I spoke with a few of those people this week.
On that Monday night in 2001 in St. John’s, Newfoundland, there was a meeting of church music leadership in one of the Salvation Army churches. A little before 9pm, as the meeting wrapped up, someone came in and said, “We have to turn this place into a hotel in two hours.”
By midnight, there were 200 beds with blankets and sheets as well as towels. Church members supplied toiletries, food and other necessities for the passengers for those five days and drove them out for errands and activities. One evening that week, the church’s brass band had practice as usual right there amidst the passengers. Instead of rehearsing, they played a concert inviting an opera singer among the passengers to participate. The sounds and words of “Amazing Grace” rang out.

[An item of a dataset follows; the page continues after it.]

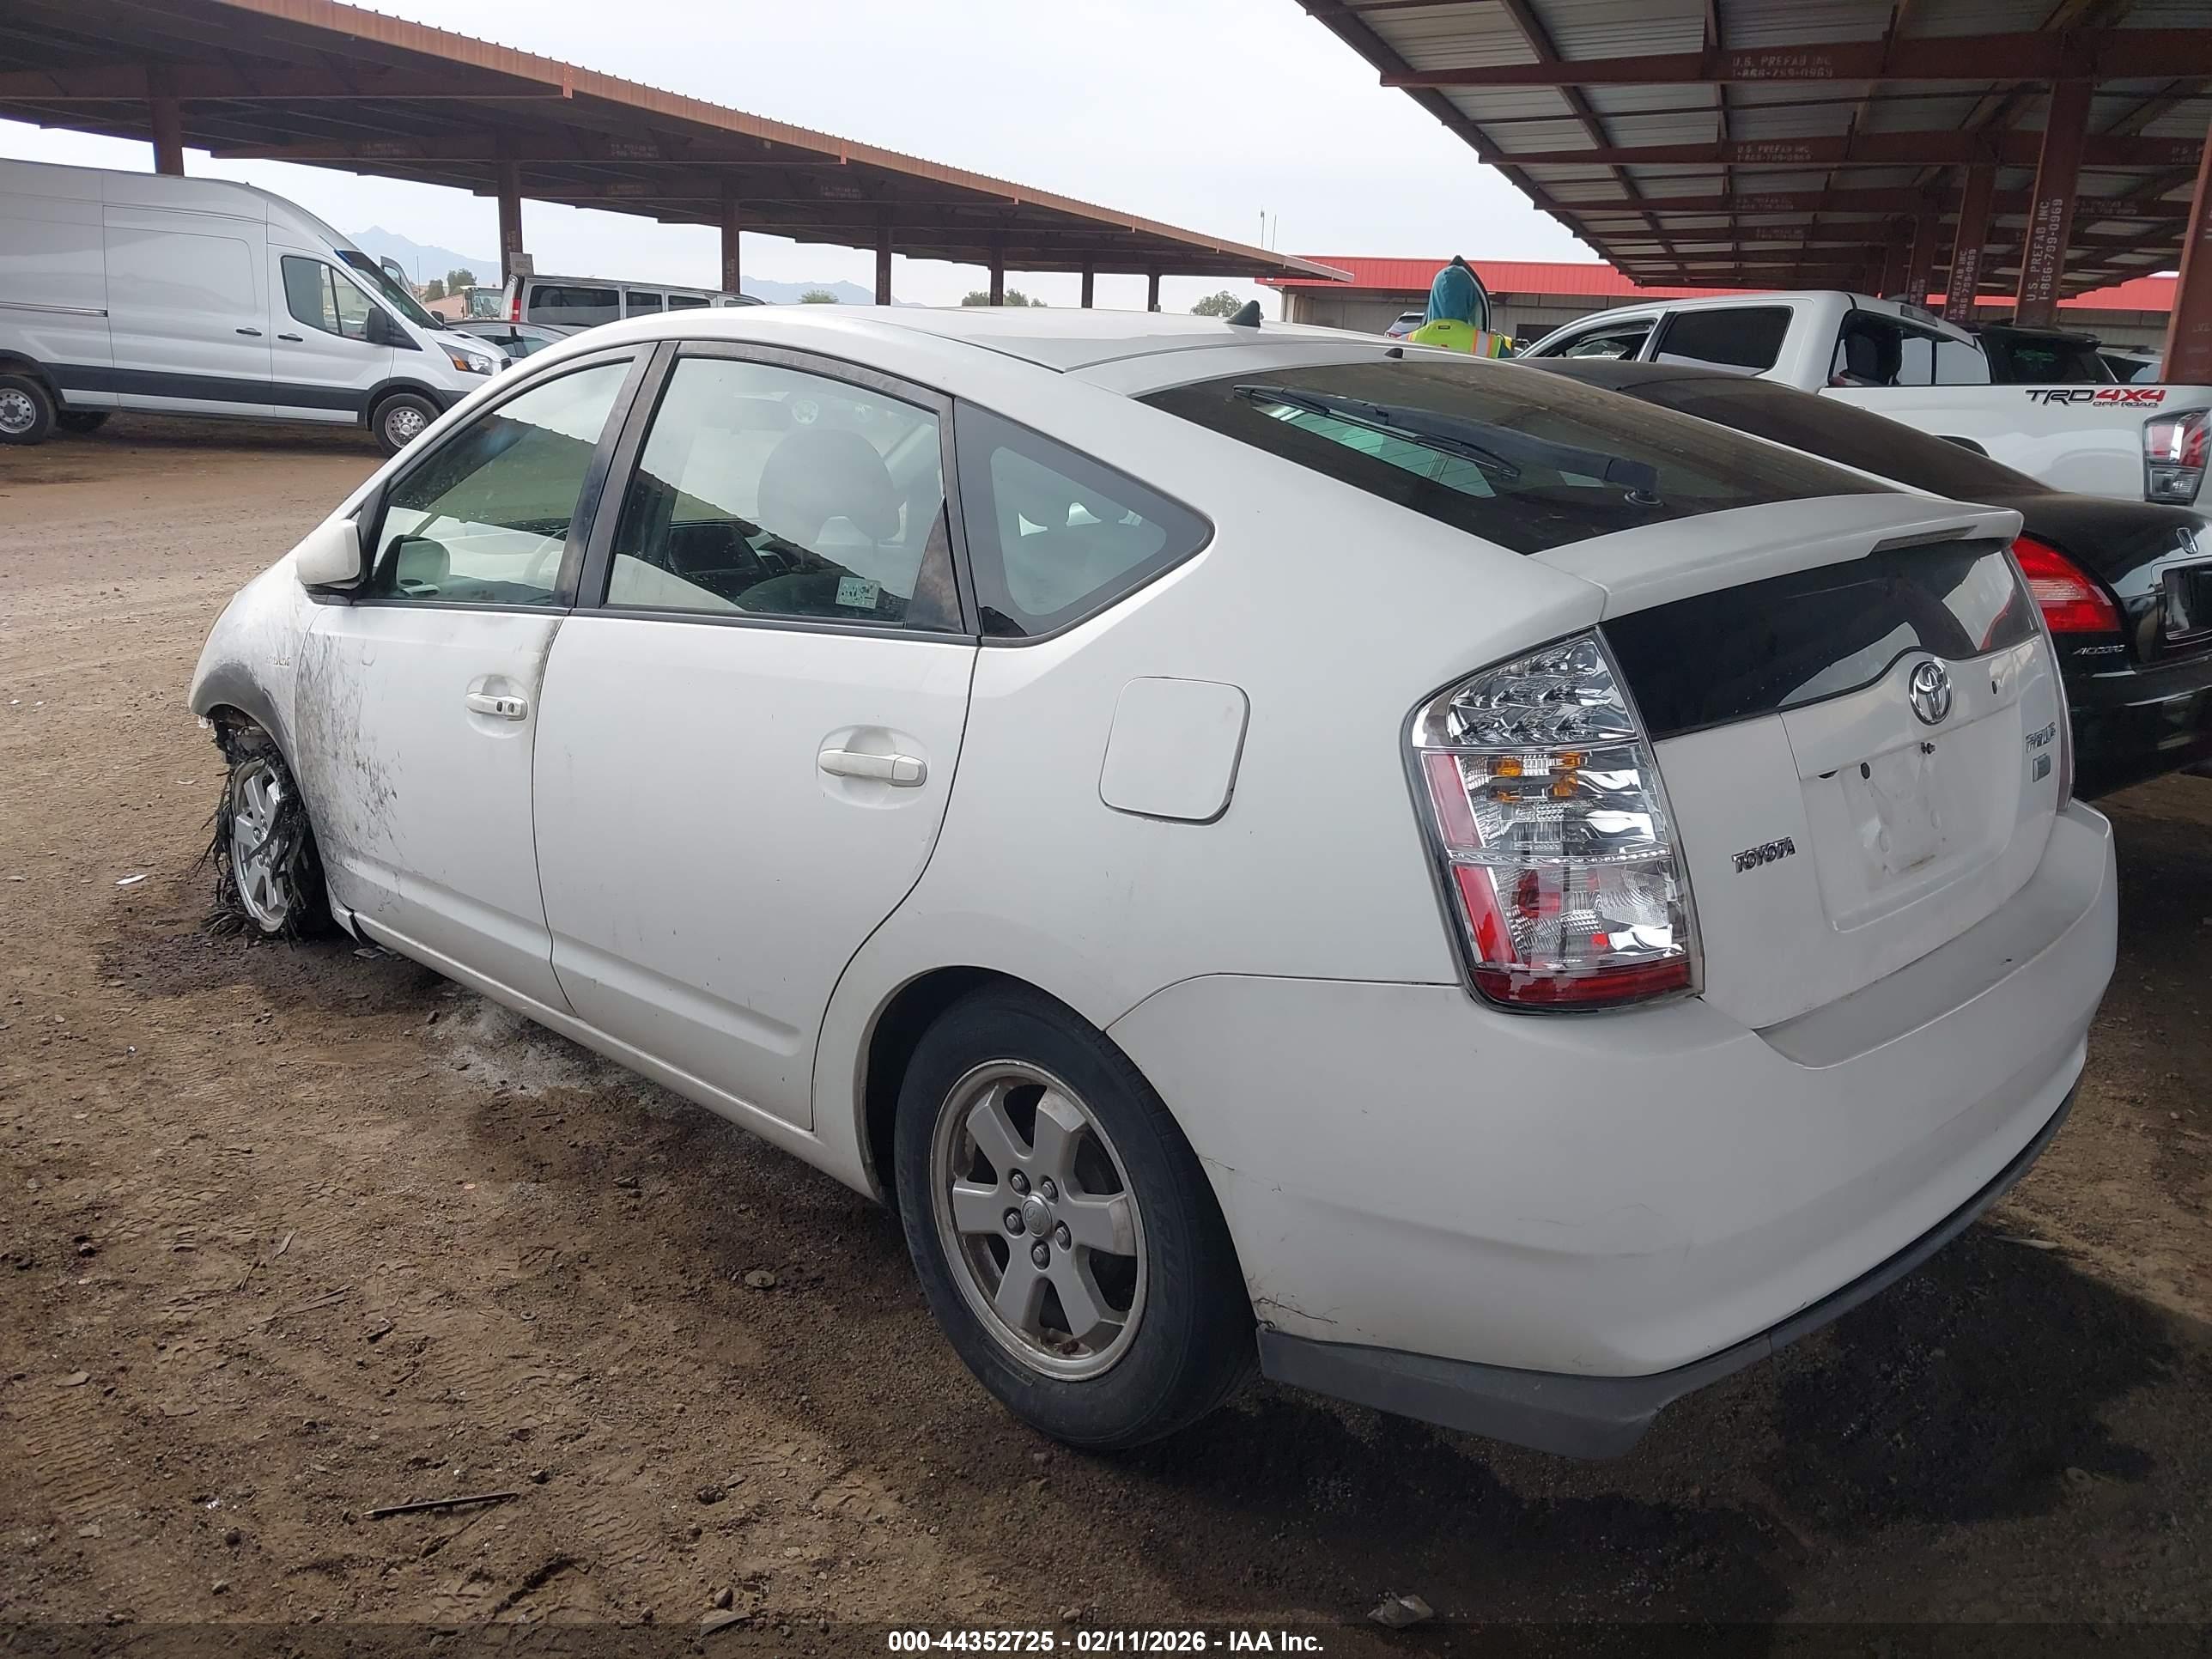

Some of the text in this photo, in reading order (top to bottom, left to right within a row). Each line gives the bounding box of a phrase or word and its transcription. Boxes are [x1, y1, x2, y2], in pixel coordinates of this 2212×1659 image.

Don stopped talking then and took a moment to look out the window. Even the memory of that moment still took him to a holy place.
The following February, Don and his wife Bernice flew to New York City to assist with the volunteer efforts at Ground Zero. They have each, in fact, along with many Newfoundlanders, volunteered at disaster sites around the States in the past several years. Ground Zero, New Orleans, the Jersey Shore and quite a few more.
They are a generous people, full of compassion. They don’t just open the doors in Newfoundland. They don’t just open the airports, their homes or their churches or their wallets. They open their hearts and they change the world.